= Given data =
----------------------------------------

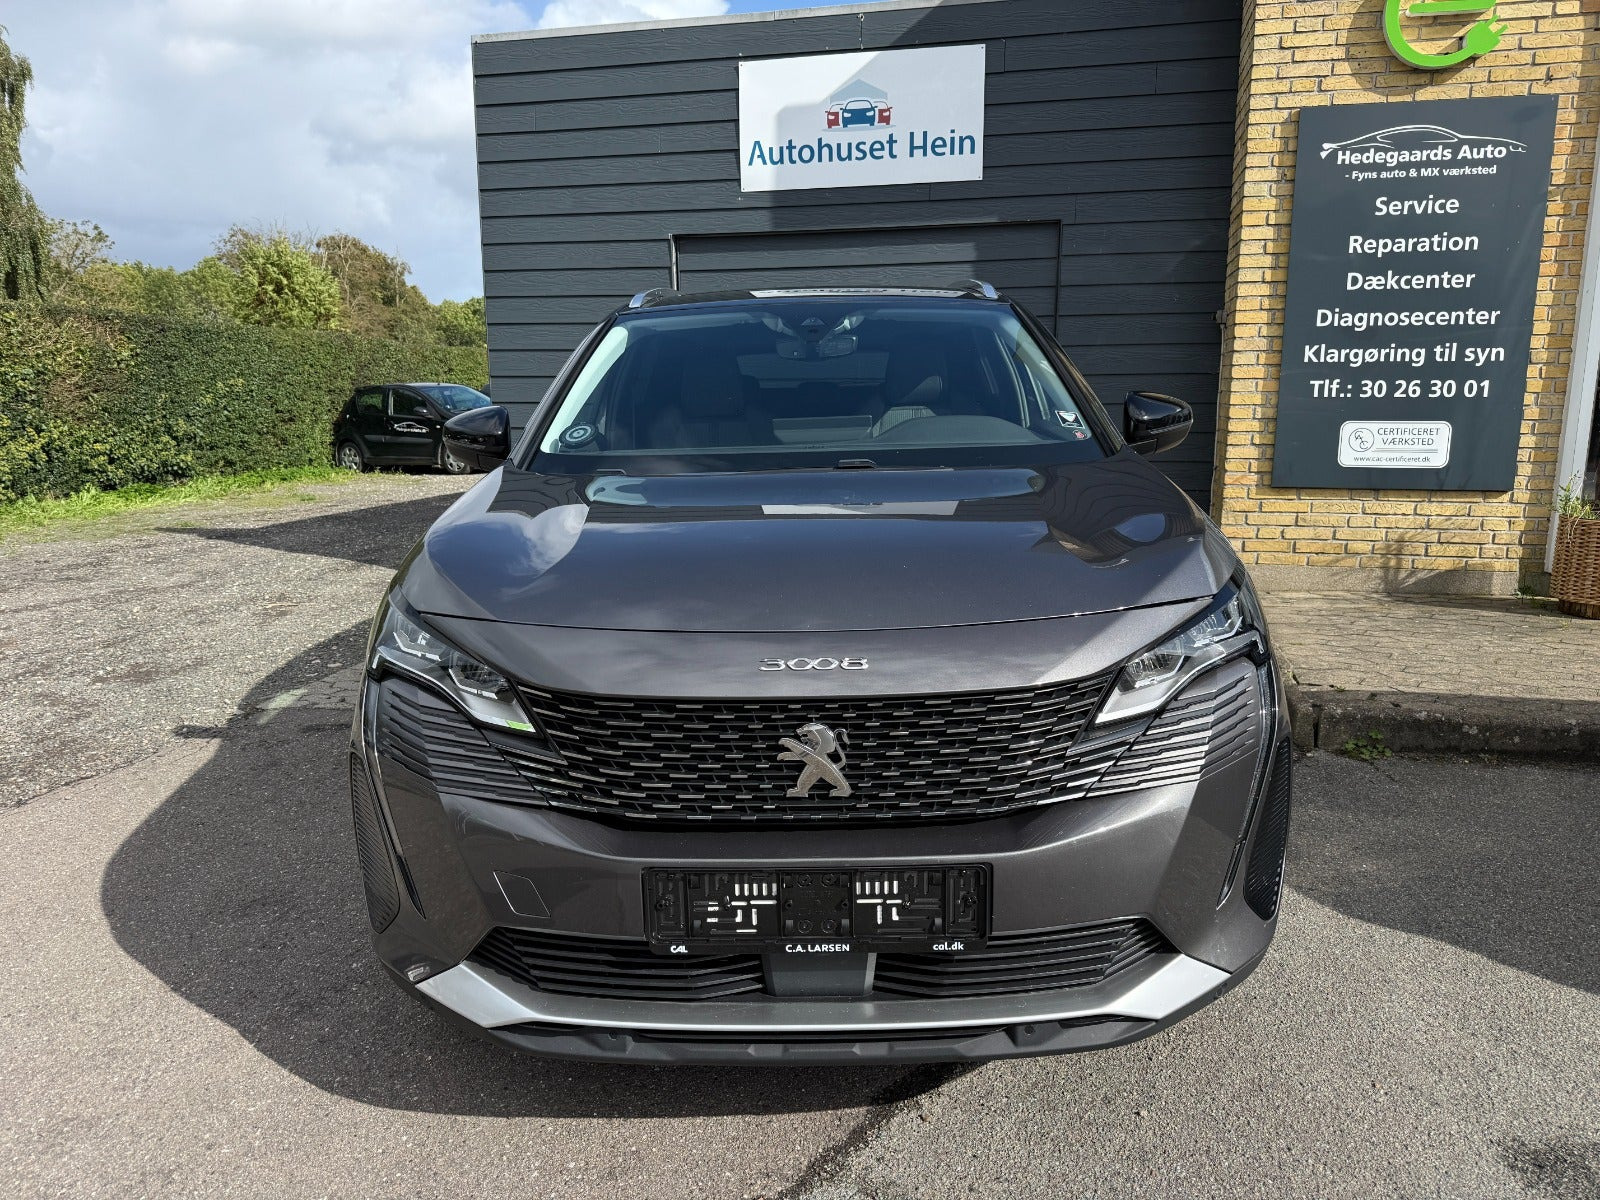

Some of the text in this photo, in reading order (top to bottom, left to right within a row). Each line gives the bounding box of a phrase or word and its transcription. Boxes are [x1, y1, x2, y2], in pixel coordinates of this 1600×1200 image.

[748, 129, 976, 167] Autohuset Hein
[1336, 145, 1507, 167] Hedegaards Auto
[1351, 170, 1378, 182] Fyns
[1380, 171, 1406, 179] auto
[1408, 168, 1418, 178] &
[1420, 168, 1440, 177] MX
[1442, 165, 1497, 176] værksted
[1374, 195, 1460, 216] Service
[1348, 232, 1479, 258] Reparation
[1346, 270, 1476, 291] Dækcenter
[1316, 307, 1501, 331] Diagnosecenter
[1303, 343, 1505, 367] Klargøring til syn
[1310, 380, 1490, 398] Tlf.: 30 26 30 01
[1377, 427, 1440, 436] CERTIFICERET
[1382, 437, 1434, 446] VÆRKSTED
[759, 657, 869, 671] 3008
[670, 945, 689, 954] CAL
[785, 943, 850, 953] C.A. LARSEN
[932, 941, 965, 951] cal.dk
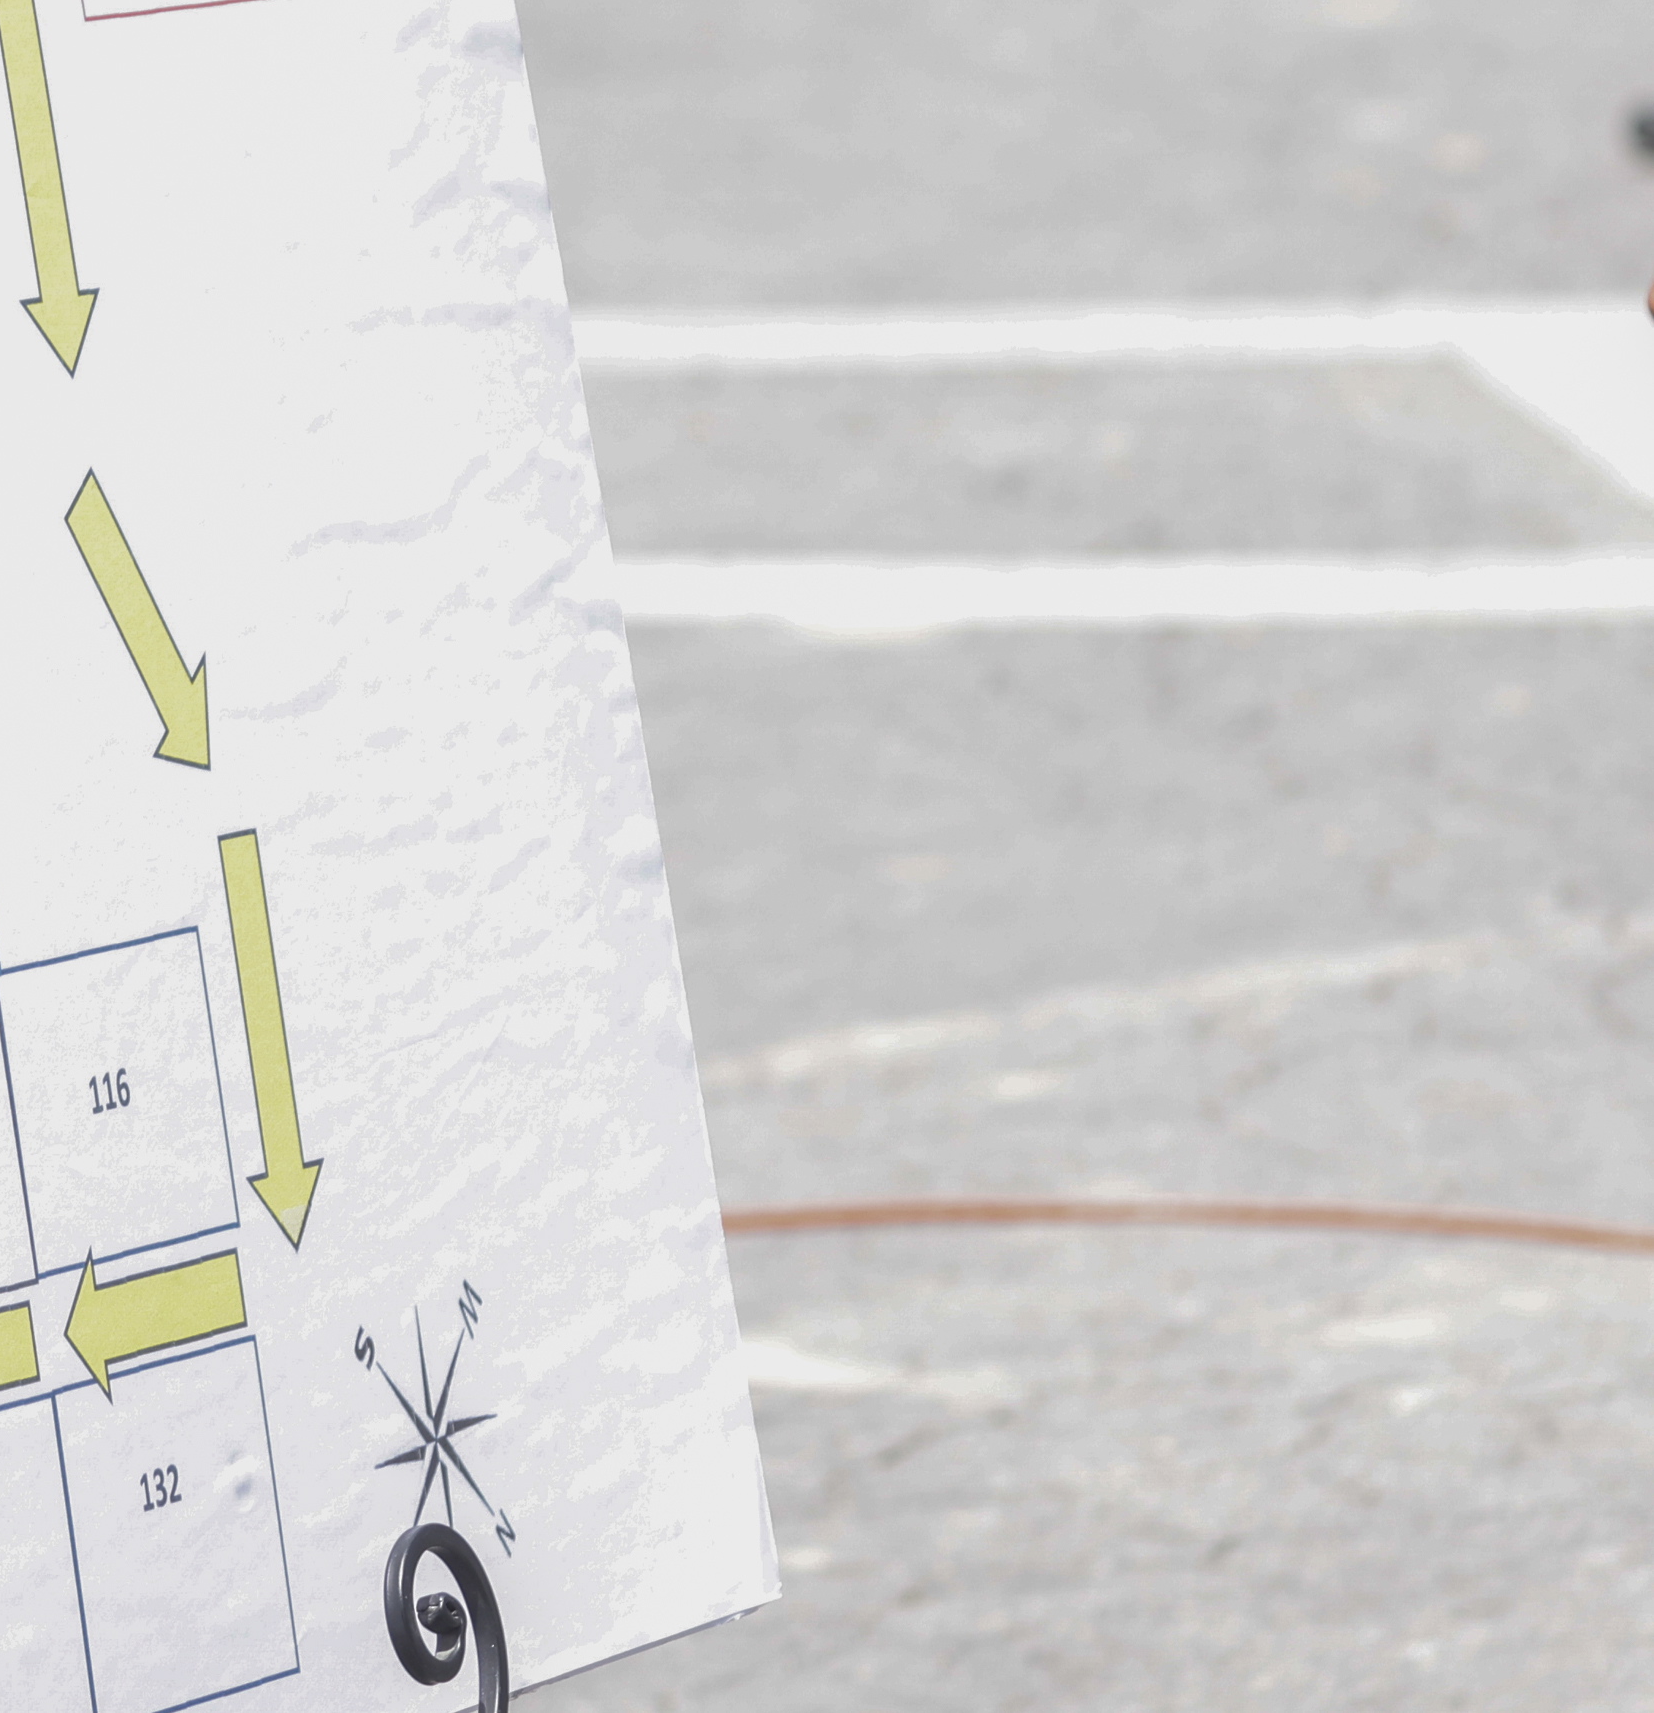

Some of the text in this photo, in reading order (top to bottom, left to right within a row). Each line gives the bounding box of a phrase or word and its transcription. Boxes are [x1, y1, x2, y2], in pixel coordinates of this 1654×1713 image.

[87, 1066, 132, 1116] 116
[352, 1324, 377, 1373] S
[138, 1462, 184, 1514] 132

----------------------------------------

= Work instruction =
Could you copy out every record exactly, minus the pictures?

= Response area =
Some of the text in this photo, in reading order (top to bottom, left to right within a row). Each line gives the bounding box of a phrase or word and its transcription. Boxes are [x1, y1, x2, y2], in pixel coordinates of this 1600×1200 image.

[748, 129, 976, 167] Autohuset Hein
[1336, 145, 1507, 167] Hedegaards Auto
[1351, 170, 1378, 182] Fyns
[1380, 171, 1406, 179] auto
[1408, 168, 1418, 178] &
[1420, 168, 1440, 177] MX
[1442, 165, 1497, 176] værksted
[1374, 195, 1460, 216] Service
[1348, 232, 1479, 258] Reparation
[1346, 270, 1476, 291] Dækcenter
[1316, 307, 1501, 331] Diagnosecenter
[1303, 343, 1505, 367] Klargøring til syn
[1310, 380, 1490, 398] Tlf.: 30 26 30 01
[1377, 427, 1440, 436] CERTIFICERET
[1382, 437, 1434, 446] VÆRKSTED
[759, 657, 869, 671] 3008
[670, 945, 689, 954] CAL
[785, 943, 850, 953] C.A. LARSEN
[932, 941, 965, 951] cal.dk

Some of the text in this photo, in reading order (top to bottom, left to right within a row). Each line gives the bounding box of a phrase or word and its transcription. Boxes are [x1, y1, x2, y2], in pixel coordinates of this 1654×1713 image.

[87, 1066, 132, 1116] 116
[352, 1324, 377, 1373] S
[138, 1462, 184, 1514] 132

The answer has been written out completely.